Copy each line below exactly as it appears. Pictures are to be omitted.

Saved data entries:
════

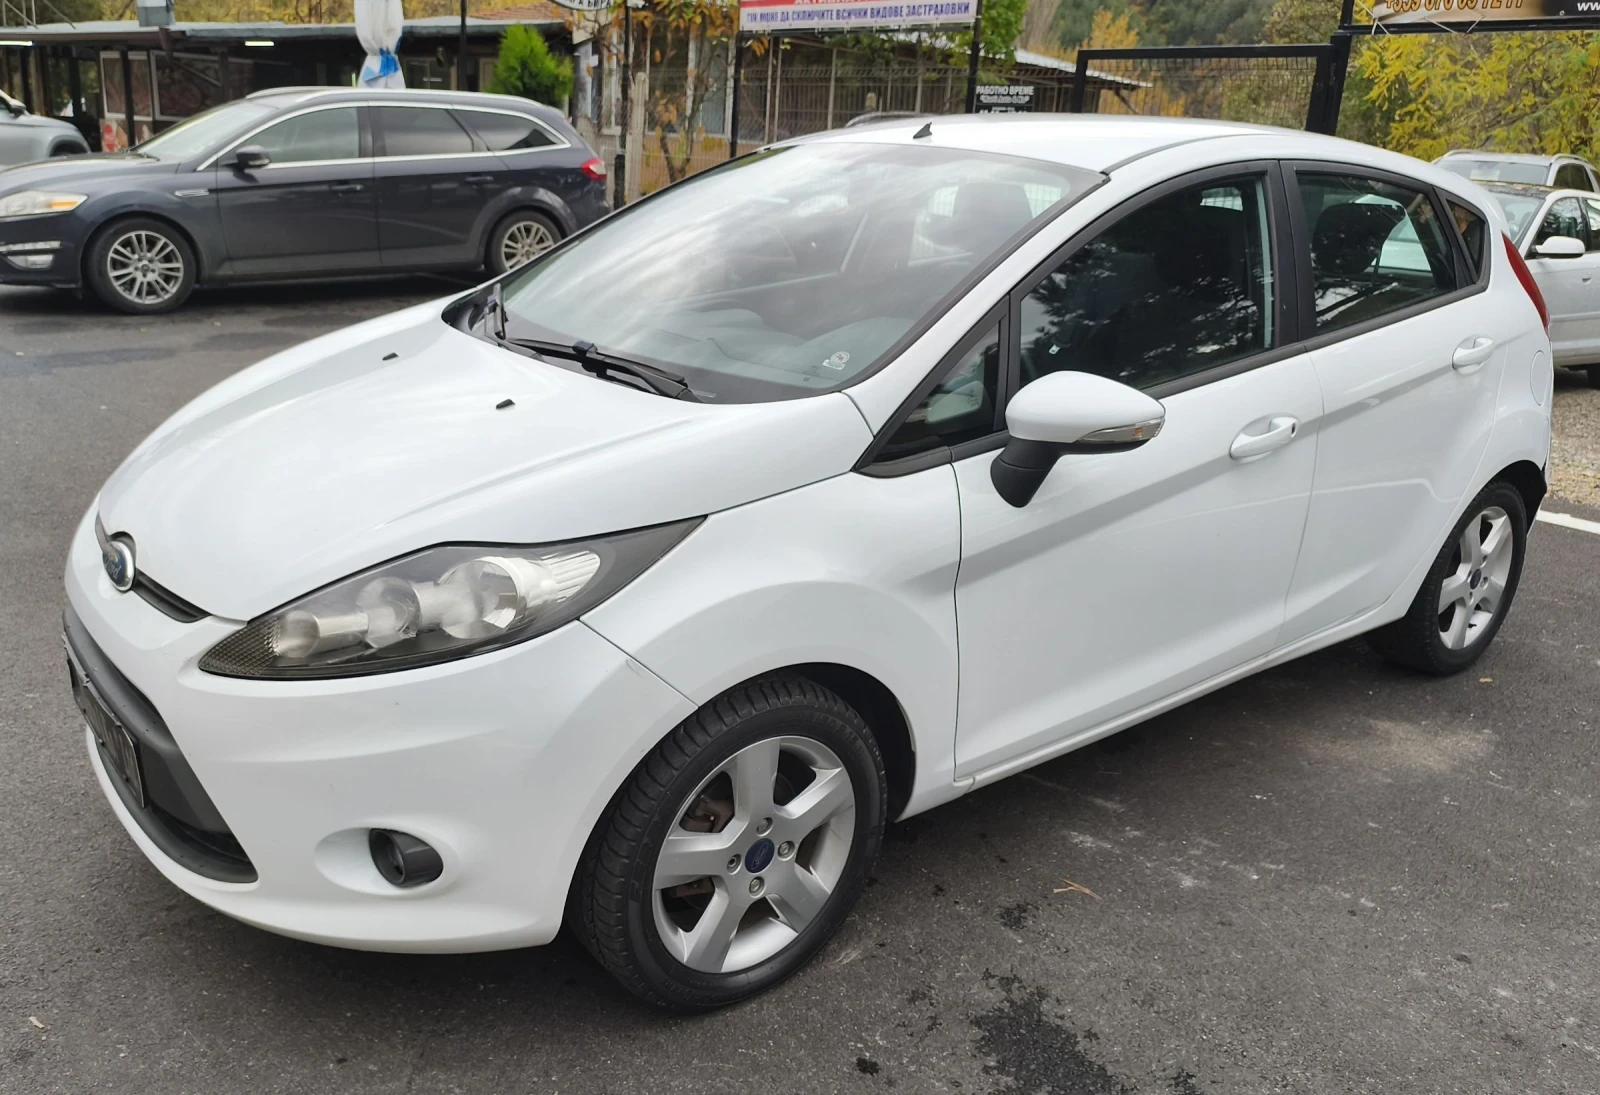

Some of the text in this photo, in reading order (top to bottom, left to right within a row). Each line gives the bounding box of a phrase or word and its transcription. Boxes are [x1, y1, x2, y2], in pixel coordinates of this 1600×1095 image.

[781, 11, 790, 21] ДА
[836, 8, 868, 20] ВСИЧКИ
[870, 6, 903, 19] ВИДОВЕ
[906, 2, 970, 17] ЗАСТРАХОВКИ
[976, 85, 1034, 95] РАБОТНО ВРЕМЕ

════

EXERCISE OUTPUT:
Some of the text in this photo, in reading order (top to bottom, left to right within a row). Each line gives the bounding box of a phrase or word and its transcription. Boxes are [x1, y1, x2, y2], in pixel coordinates of this 1600×1095 image.

[781, 11, 790, 21] ДА
[836, 8, 868, 20] ВСИЧКИ
[870, 6, 903, 19] ВИДОВЕ
[906, 2, 970, 17] ЗАСТРАХОВКИ
[976, 85, 1034, 95] РАБОТНО ВРЕМЕ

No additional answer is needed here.